The room has good lighting, decent chairs, finished projects on the wall with kids' names on them. That's the warmth. We didn't need a cartoon.

"Pro" gates halfway through an activity

You know the pattern. The kid is three problems into a math drill and a popup says unlock the next set for $4.99/month. Every time we have seen this in a kids' product, we have flinched. It teaches the kid that the world is full of small paywalls and that her curiosity is something to be charged for in five-dollar increments.

The activities in the room are not paywalled mid-activity. The room itself is a membership, which we are honest about. Once you're in, nothing in the room asks you for more money. That's the deal.

Gamified "XP" for ordinary work

Adding +10 XP for finishing a problem is the candy-coating model of learning. It moves the reward from the thing you built to the meta-progress bar. Over time it teaches the kid that the work is the boring part and the bar is the point.

We wanted the opposite. We wanted kids to learn that the work is the reward — that shipping the card game and watching your sister play it is the bar. So we left the bar out.

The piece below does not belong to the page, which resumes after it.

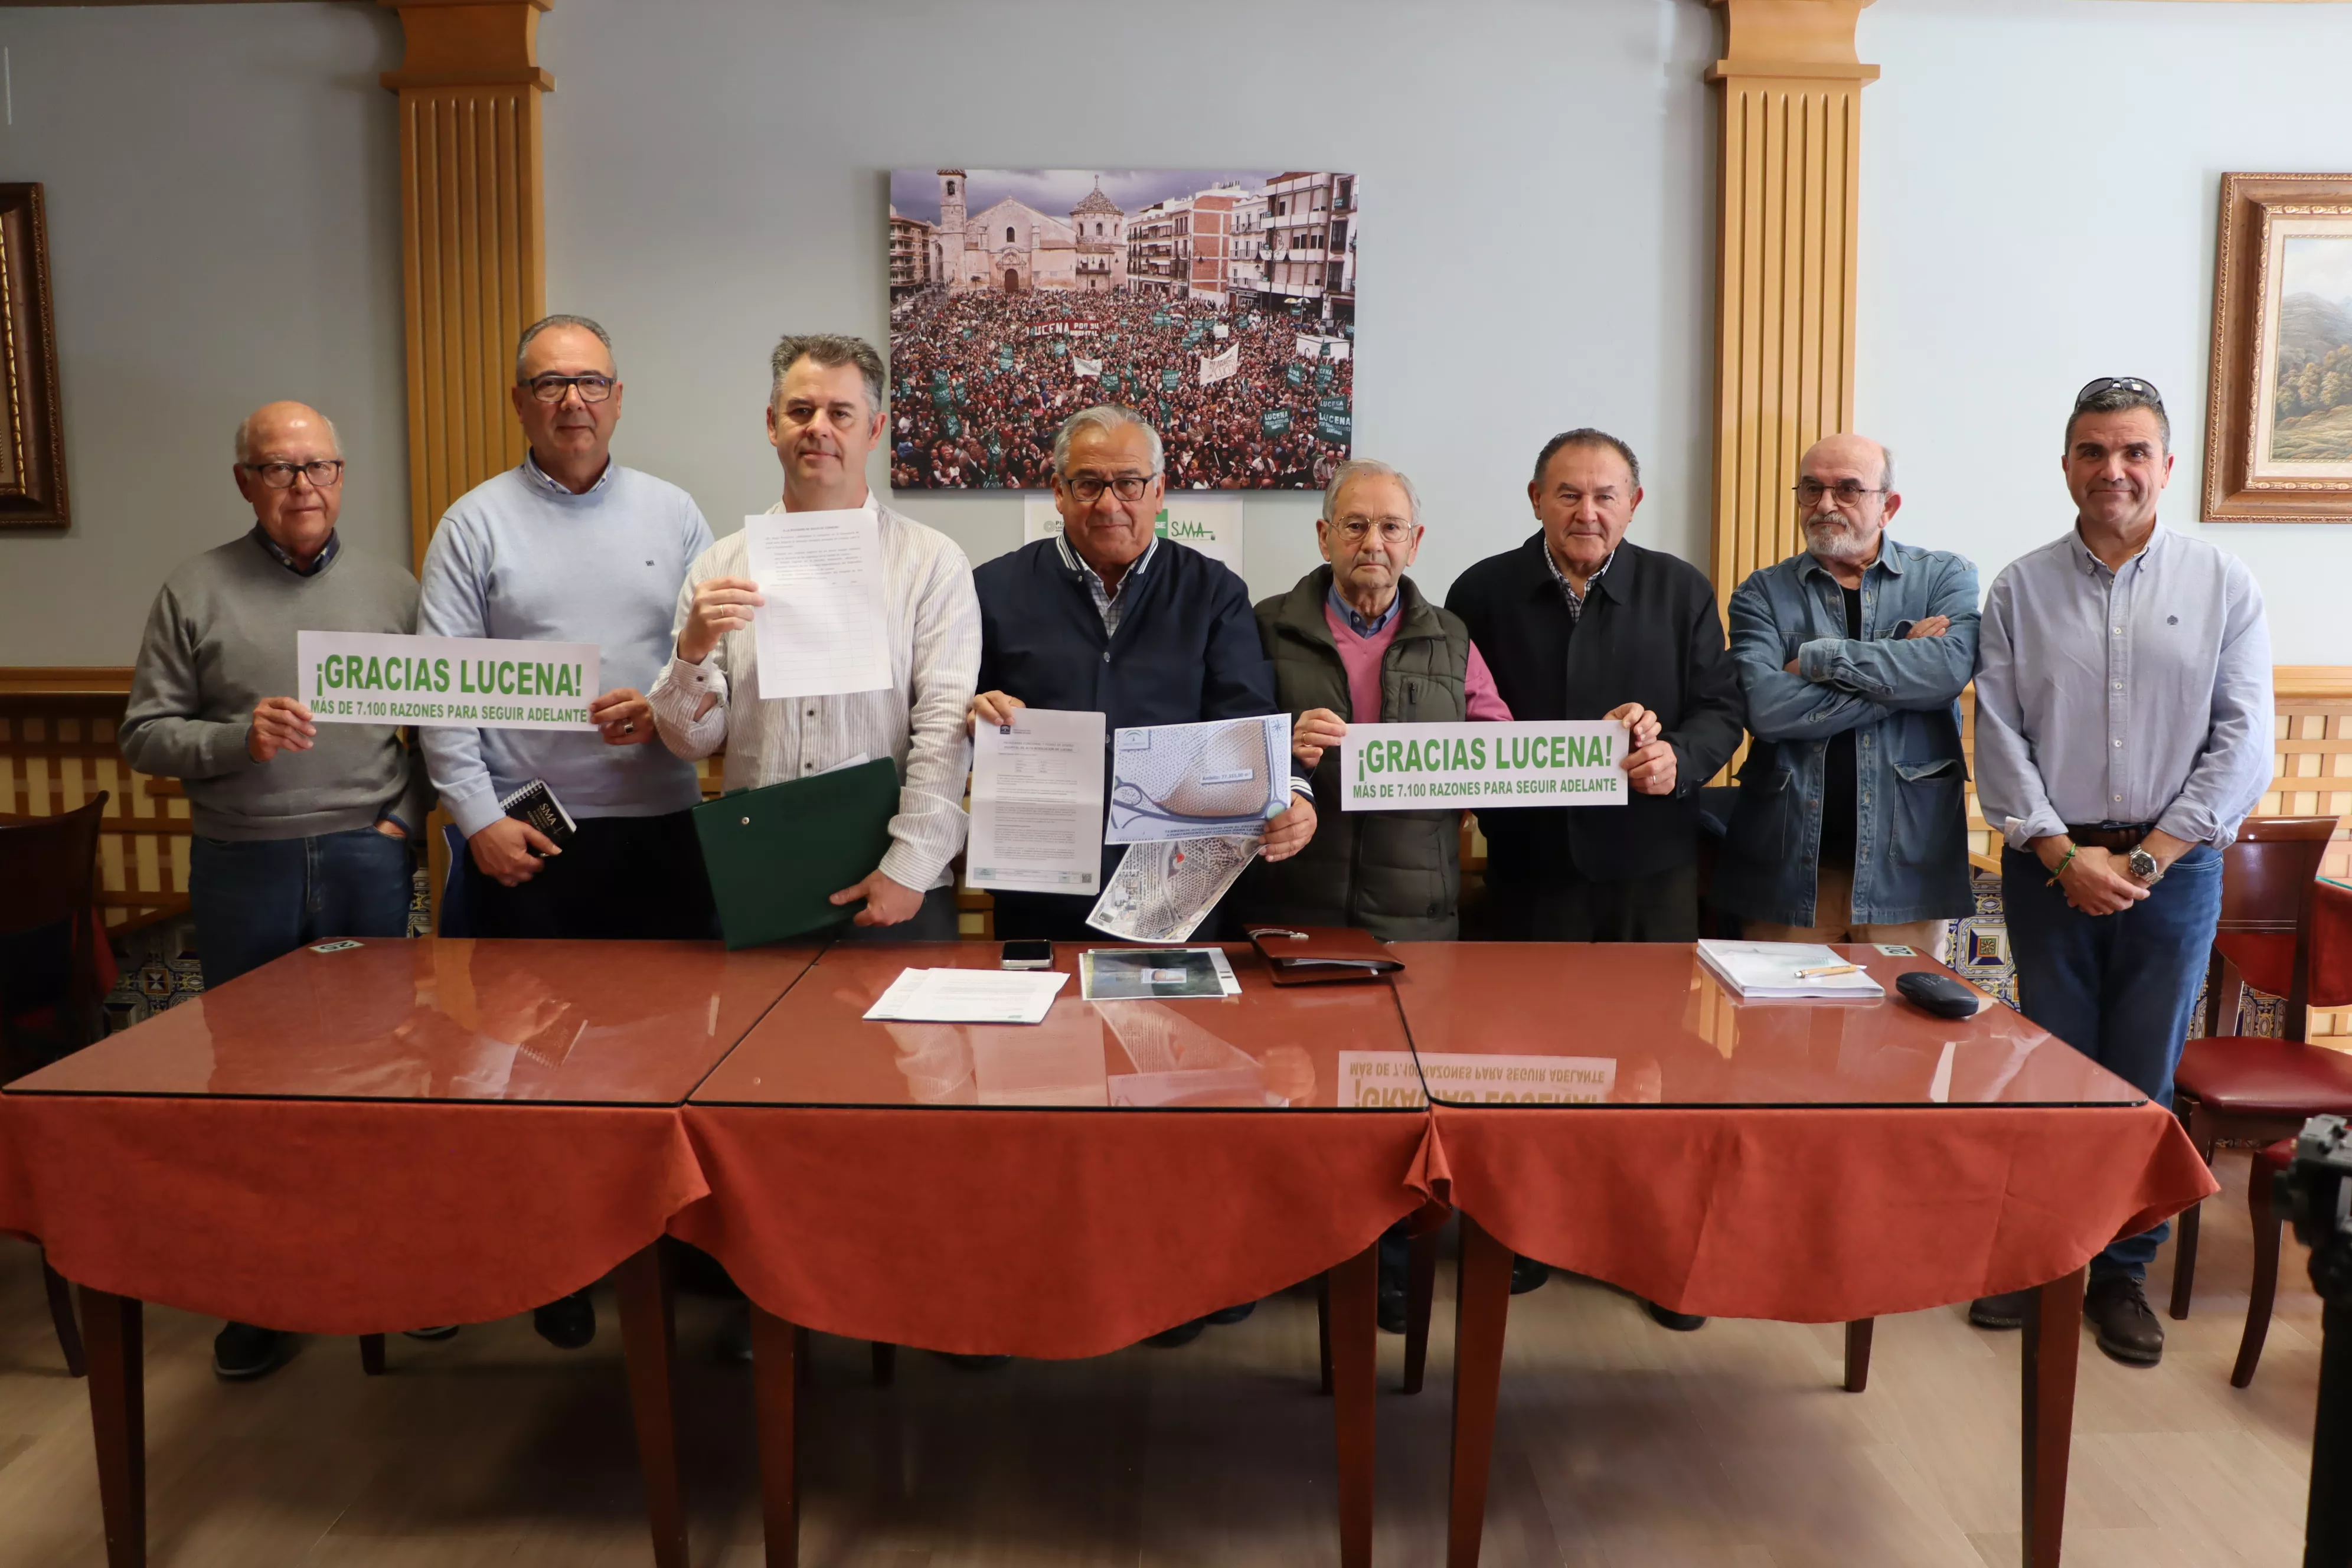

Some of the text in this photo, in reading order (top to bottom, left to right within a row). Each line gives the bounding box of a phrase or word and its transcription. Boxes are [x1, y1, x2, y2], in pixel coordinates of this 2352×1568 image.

A whole bunch of subject-matter content

We're a library. Libraries don't carry everything. Things that did not make our shelf, on purpose:

  • Test-prep drills. Other people do this well; the room isn't for it.
  • Generic "intro to coding" curriculum that's been re-shot ten times on YouTube. If you can already get it free, we are not adding signal by re-recording it.
  • Subject-specific apps for things the kid will encounter in school anyway. We focus on the part school doesn't reach.

The general rule

The rule we use, when we are deciding whether a thing belongs in the room, is the same rule we use for everything else: would a working builder, sitting next to a kid for an hour, recommend this thing?

Most things, the answer is no. That's why the shelf is short and that's why the things on it earned their place. When something new earns it, on it goes. When something on it stops earning it, off it comes.

A library that puts everything on the shelf is a warehouse. We are not a warehouse.